Sterling Equities wants to add 2K sf to townhouse at 334 West 20th St., extending into backyard

There’s another battle brewing between the Chelsea locals who want their tree-lined neighborhood to stay exactly how it is, and the developers who want to expand.

This time the standoff is between Sterling Equities, a consortium of real estate, sports and media companies that owns the New York Mets, and the Chelsea community board and residents.

The place in question is 334 West 20th Street, which is currently 4,600 square feet and comprised of four apartments. Sterling Equities wants to turn it into one single-family home by adding 2,200 square feet, a set back fourth story and putting further extensions that go into the back yard, the Wall Street Journal reported.

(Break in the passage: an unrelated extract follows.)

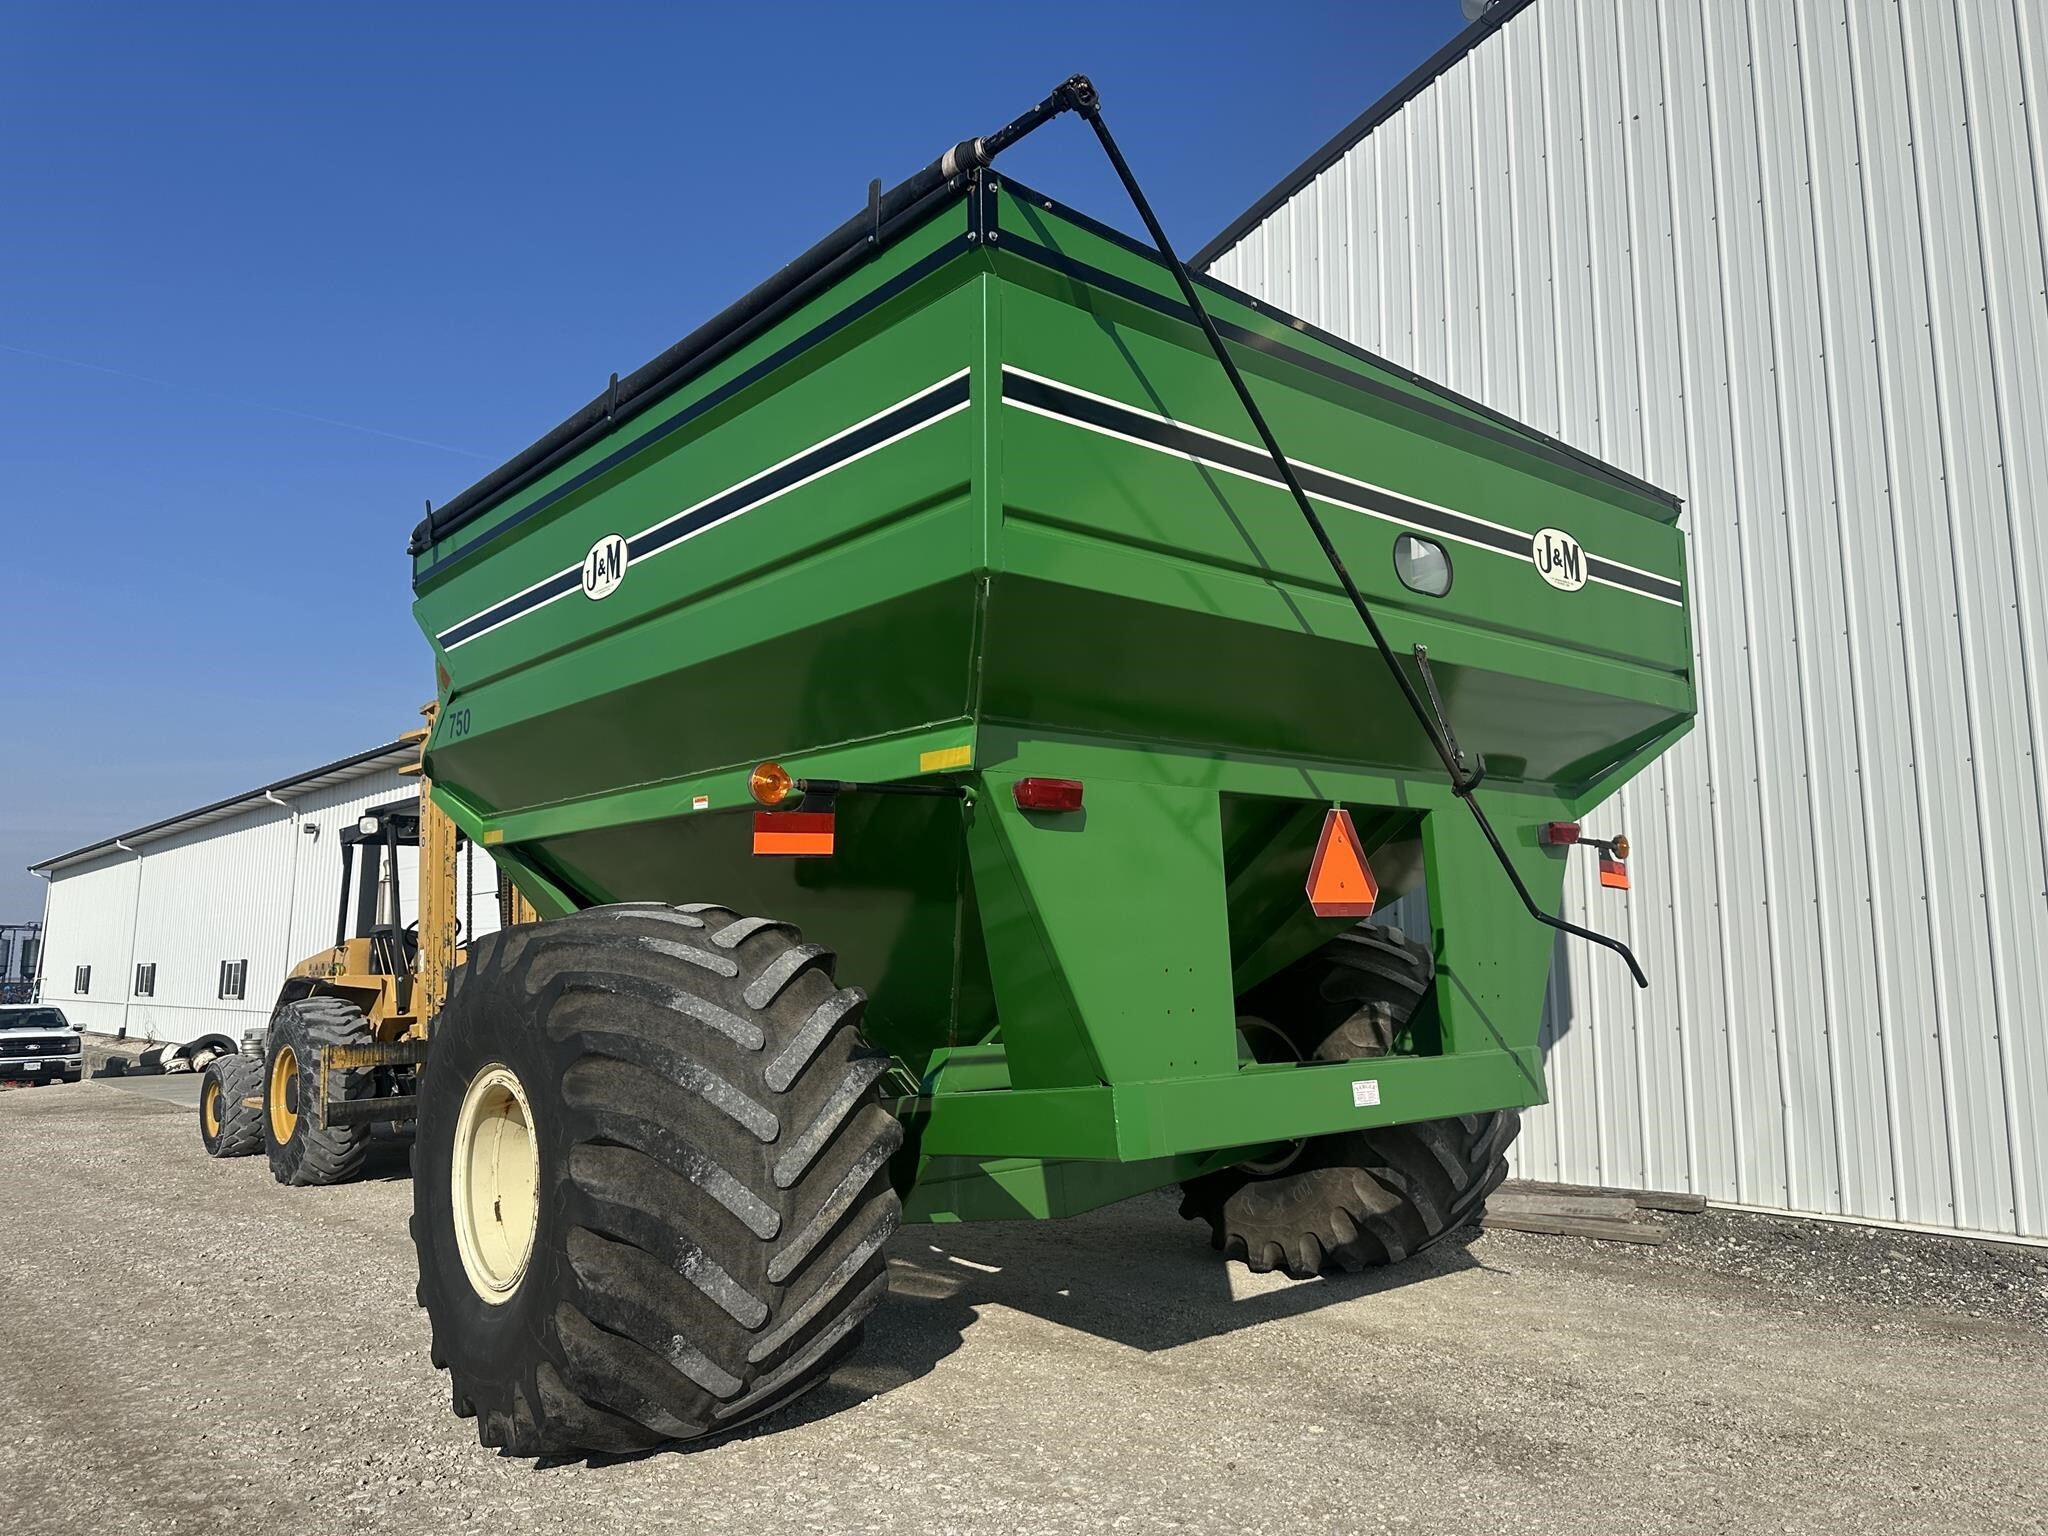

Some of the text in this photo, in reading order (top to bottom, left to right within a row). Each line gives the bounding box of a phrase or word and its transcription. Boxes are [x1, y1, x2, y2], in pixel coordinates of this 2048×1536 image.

[585, 539, 622, 592] J&M
[1536, 534, 1582, 583] J&M
[449, 708, 471, 739] 750

Sterling’s plan was rejected last month by the Landmarks Preservation Commission, but the firm has gone back to the drawing board and will present a new idea to the commission on Tuesday, according to the newspaper.

Back in July the commission approved plans to turn one of the oldest homes in the Chelsea historic district into what was described as a “megamansion” by preservationists. Plans at 404 West 20th Street were revised before the commission gave it the green light.

Preservationists say Sterling Equities’ plan is in keeping with a trend. “There is a very specific formula: Extend the rear out and built out as far as you can and build bulk on the roof,” Kelly Carroll, of the group Historic Districts Council, told the Journal.

Sterling Equities says the house, purchased in 2015 for $8.5 million, is an investment property.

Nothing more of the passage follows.